Dia tertawa pelan, “kupikir aku terlalu naïf karena menganggap seseorang memutuskan memiliki kekasih karena adanya kenyamanan yang hanya ingin dimiliki oleh dirinya sendiri. Kupikir seseorang memiliki kekasih karena adanya perasaan tak ingin berbagi. Kupikir seseorang memiliki kekasih karena sang kekasih adalah satu satunya bagi dirinya. Tapi aku tak tahu jika ada golongan yang berbeda…”. Dia melirikku, “ternyata ada orang-orang yang tak bisa hidup bersama satu orang saja. Ternyata ada orang-orang yang butuh lebih dari satu kekasih untuk memenuhi segala aspek dalam kehidupannya. Lucu sekali. Karena orang-orang seperti itu tak lagi ingat bahwa sang kekasih menerima dirinya apa adanya, bahwa sang kekasih tak memikirkan seberapa banyak yang tak bisa dipenuhi mereka selama mereka tetap ada di sisinya.”

Ada hantaman besar di dalam dadaku: rasa sesal. Aku menyesal telah menyerahkannya pada lelaki itu berbulan lalu. Kupikir lelaki itu sungguh-sungguh ingin melindungi dirinya. Meski lelaki itu memang tak memenuhi segala kriteria yang kuhendaki, tapi kupikir kesungguhan untuk melindungi gadis itu saja sudah cukup.

“kekasihku memiliki kekasih lain.” Dia tertawa lagi. Tawanya diakhiri dengan isakan. Dia lekas meletakkan cangkir teh hangatnya di meja kerjaku dan berusaha mengusap lelehan air mata yang terus membasahi pipinya dengan kedua telapak tangannya. Namun lelehan itu semakin bertambah banyak dan tak mau berhenti. Isakannya malah semakin menjadi sekarang.

“kekasihku.. memiliki.. kekasih.. lain…”, berkali-kali dia mengucapkan hal yang sama di antara isakannya.

Aku beringsut maju dan membiarkannya membasahi kaus tidurku. Tak dapat kuukur seberapa kuat keinginanku untuk segera berlari menghampiri lelaki itu dan menghajarnya sampai mati.
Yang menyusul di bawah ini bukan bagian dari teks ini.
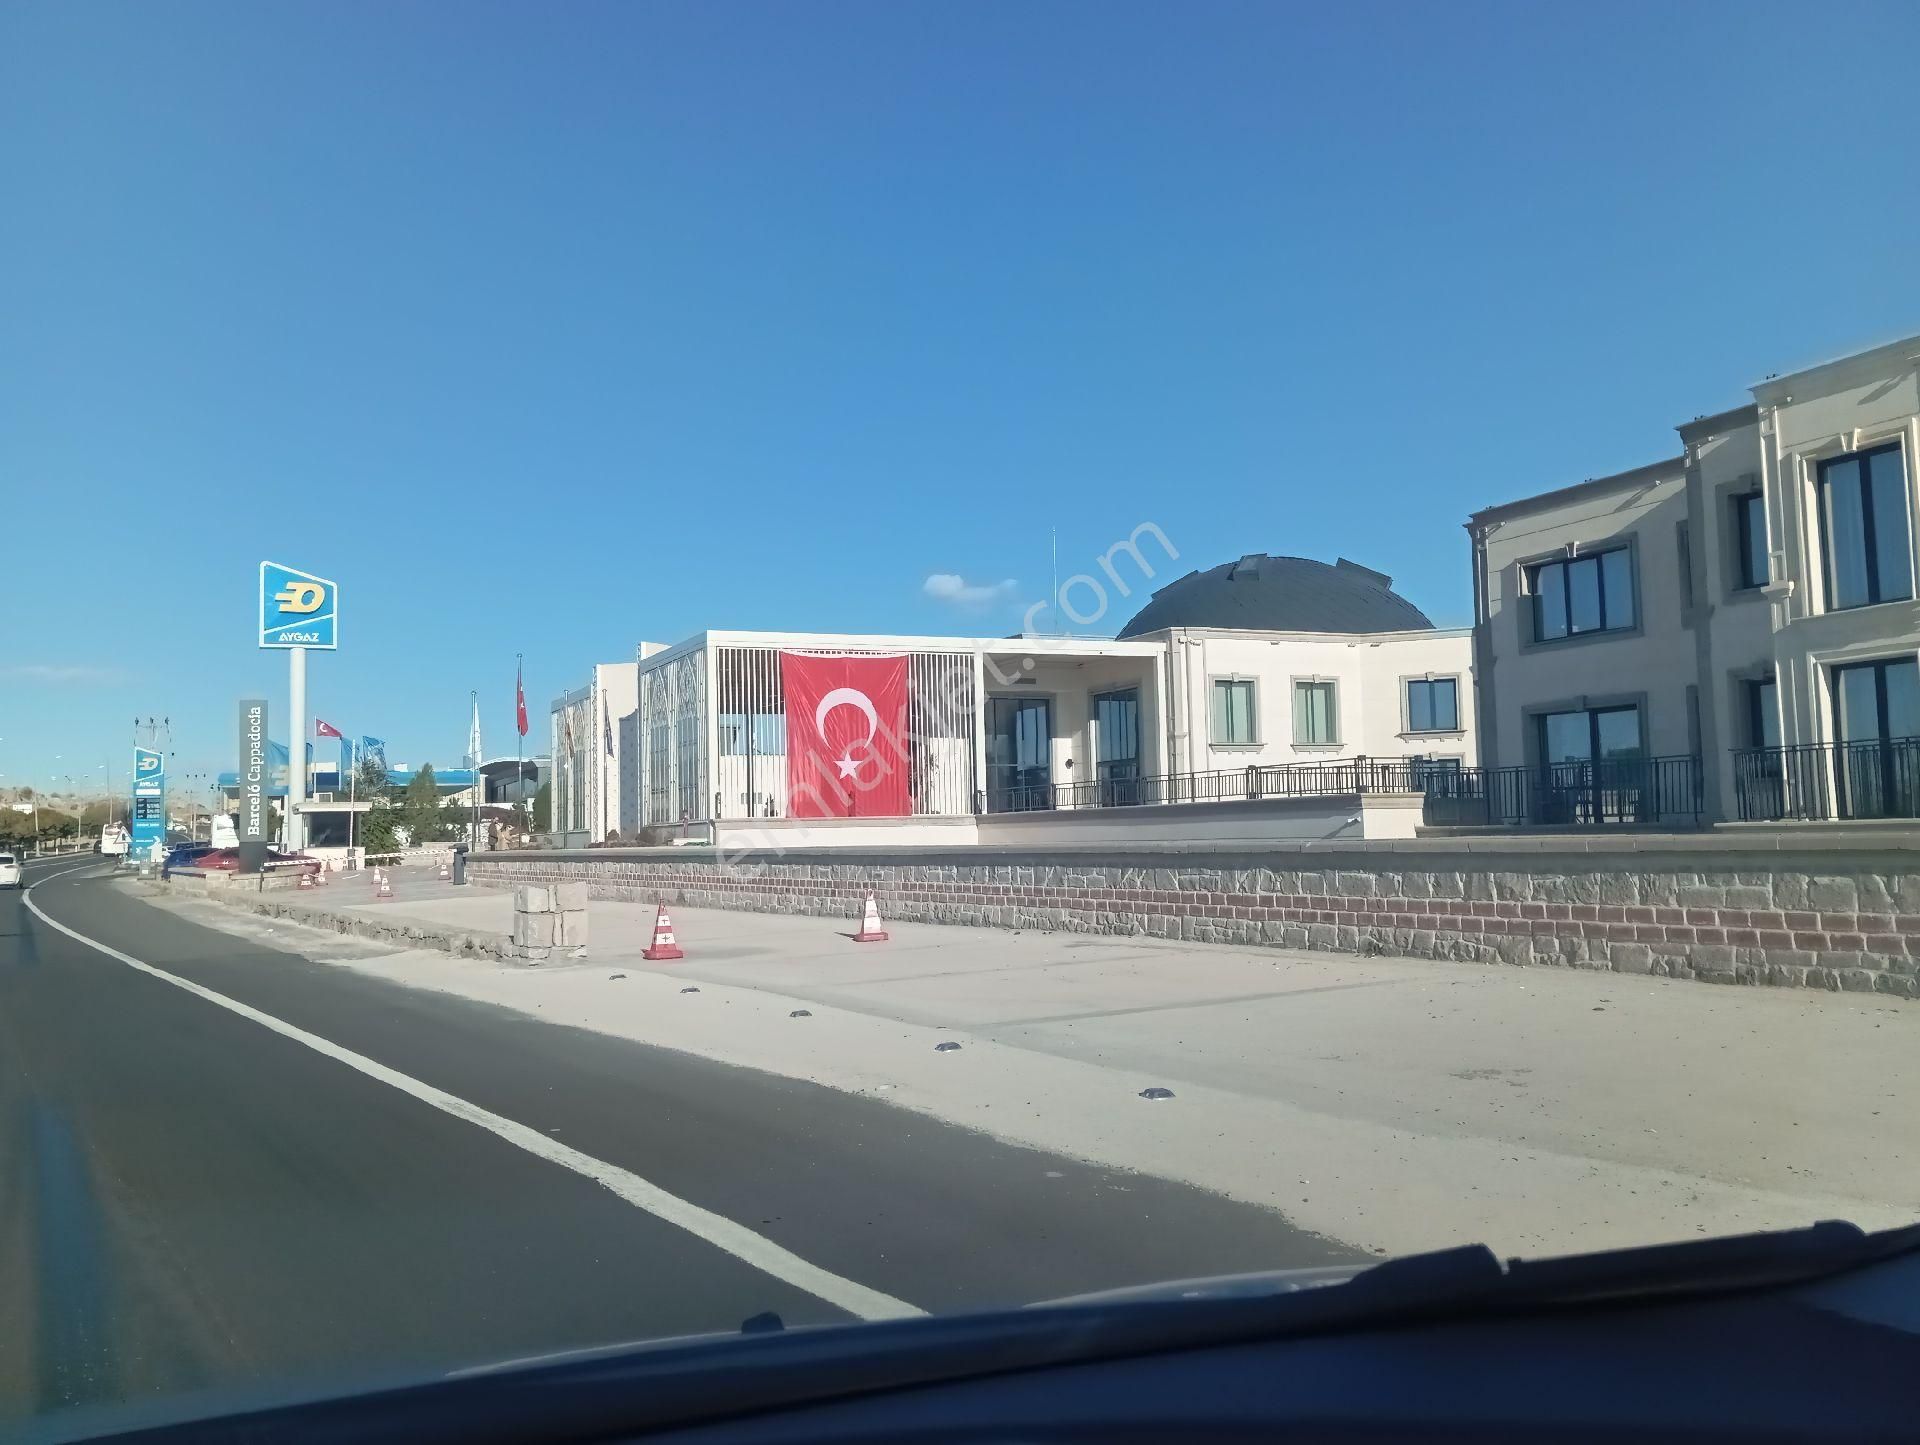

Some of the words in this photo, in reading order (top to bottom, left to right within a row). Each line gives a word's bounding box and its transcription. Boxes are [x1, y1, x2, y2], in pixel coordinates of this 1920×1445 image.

[278, 632, 320, 642] AYGAZ
[248, 706, 263, 781] Cappadocia
[247, 784, 260, 836] Barceló
Aku bersumpah akan semakin memperketat seleksi terhadap laki-laki yang ingin masuk ke dalam kehidupan gadis ini.

“tetapi… aku masih tetap saja menyayangi dirinya. Bahkan hingga… detik ini…”

Aku merasakan wajahnya menekan bahuku semakin kuat, isakannya terdengar makin menghentak.
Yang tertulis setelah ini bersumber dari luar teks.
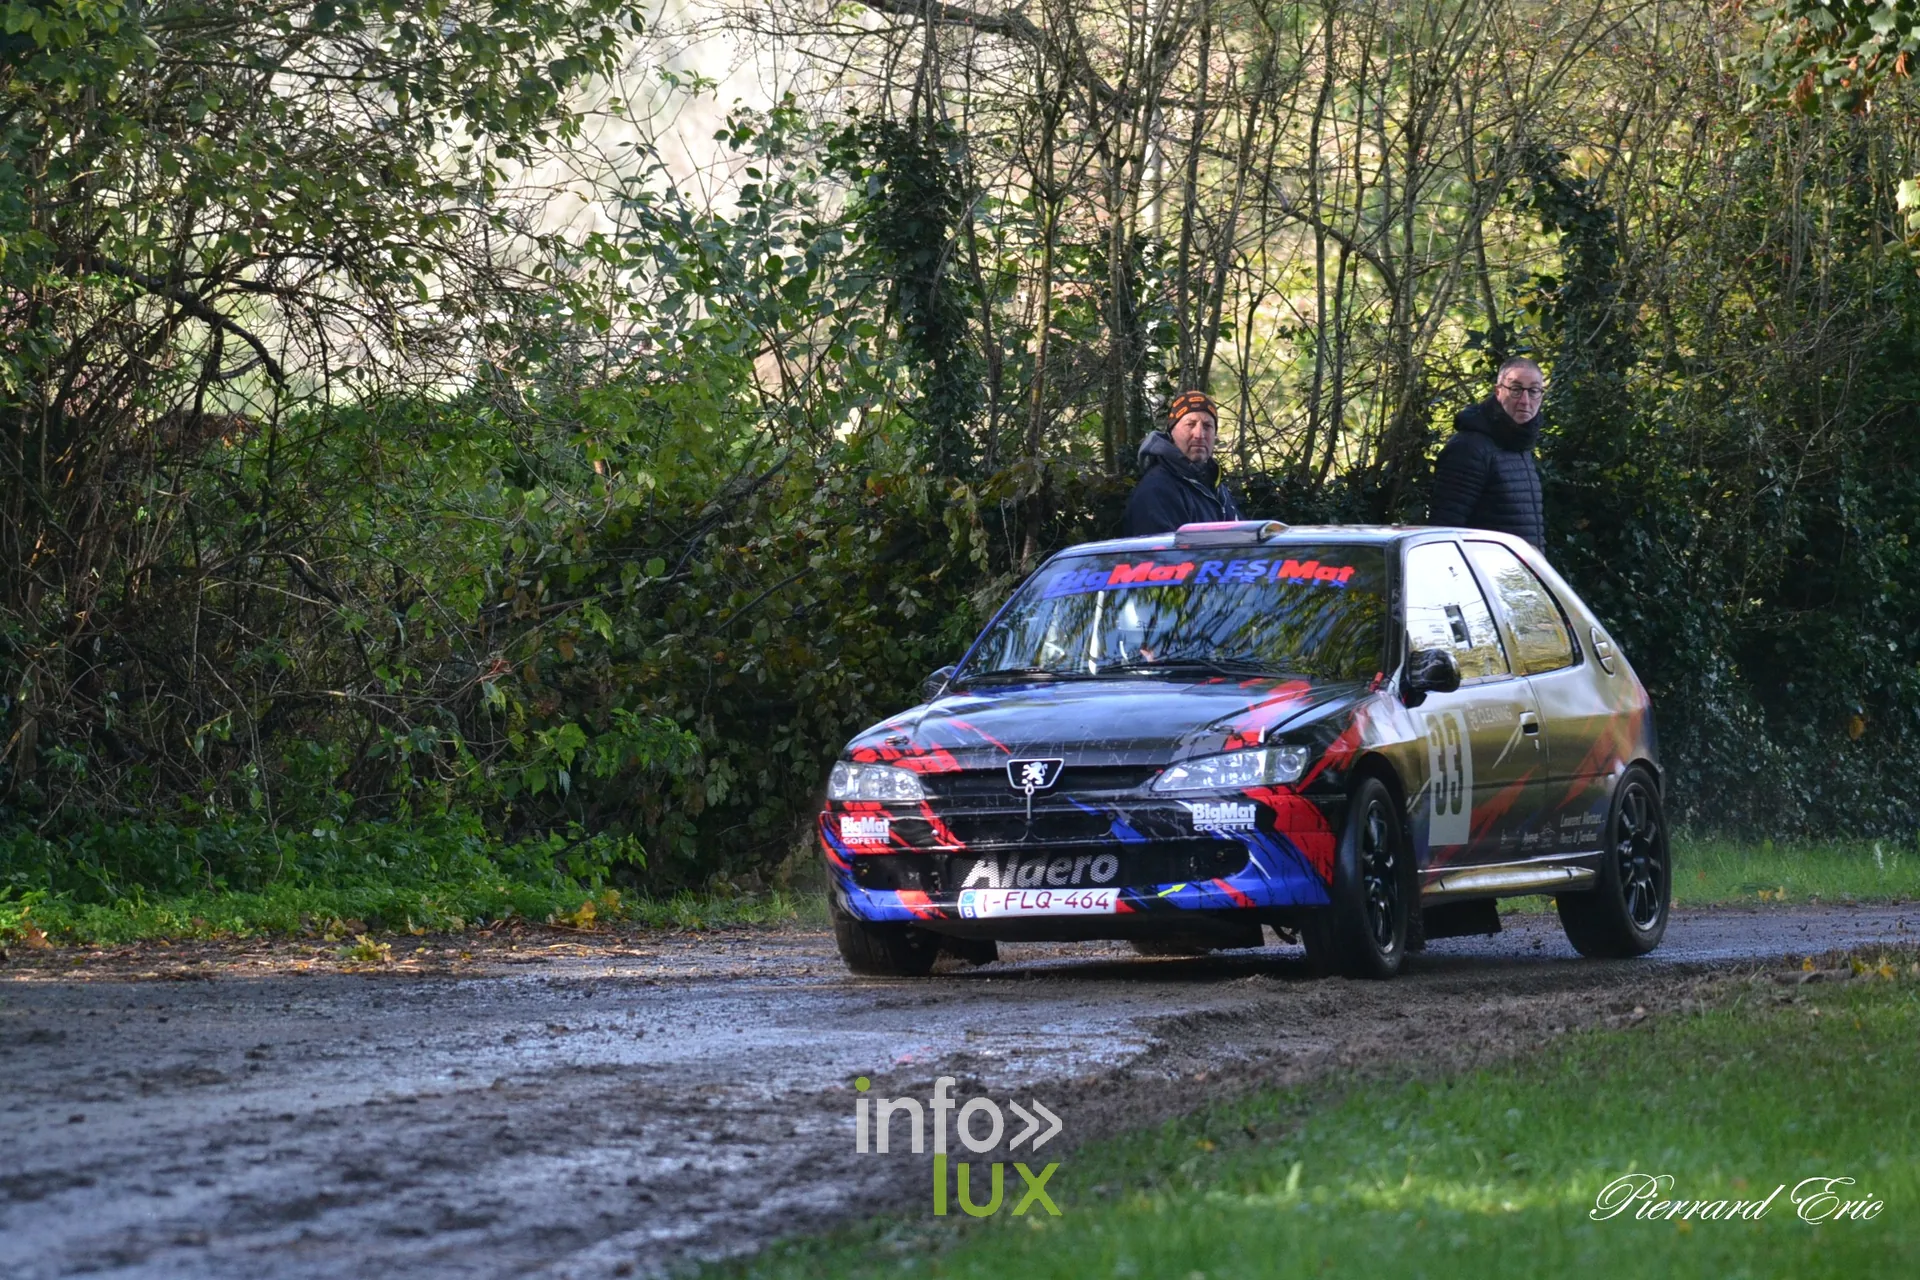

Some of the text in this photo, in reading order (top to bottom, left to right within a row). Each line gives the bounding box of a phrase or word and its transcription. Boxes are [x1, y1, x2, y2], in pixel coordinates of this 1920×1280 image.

[1050, 561, 1195, 594] BigMat
[1193, 802, 1256, 823] BigMat
[841, 816, 890, 837] BigMat
[1193, 823, 1255, 831] GOFETTE
[843, 837, 890, 845] GOFETTE
[964, 906, 973, 918] B
“aku membenci diriku sendiri karenanya… benci sekali…” Dia lalu memeluk tubuhku kuat-kuat. Kuat sekali hingga mungkin aku akan remuk jika saja tenaga sakit hatinya mampu merubah gadis ini menjadi makhluk hijau besar dalam komik Marvel. “aku ingin hidup bersamanya tapi mengingat betapa banyak kebohongannya padaku, betapa palsu seluruh rasa sayangnya padaku, betapa hebat rasa sakit hati yang dia tinggalkan padaku… aku merasa hanya orang paling dungu lah yang masih menyimpan keinginan untuk hidup bersamanya… dan siapa sangka aku lah si orang dungu tersebut!”

Pelukannya mulai mengendur. Isakannya telah berubah menjadi satu-dua tarikan napas yang panjang dan dalam. Aku membelai punggungnya pelan pelan.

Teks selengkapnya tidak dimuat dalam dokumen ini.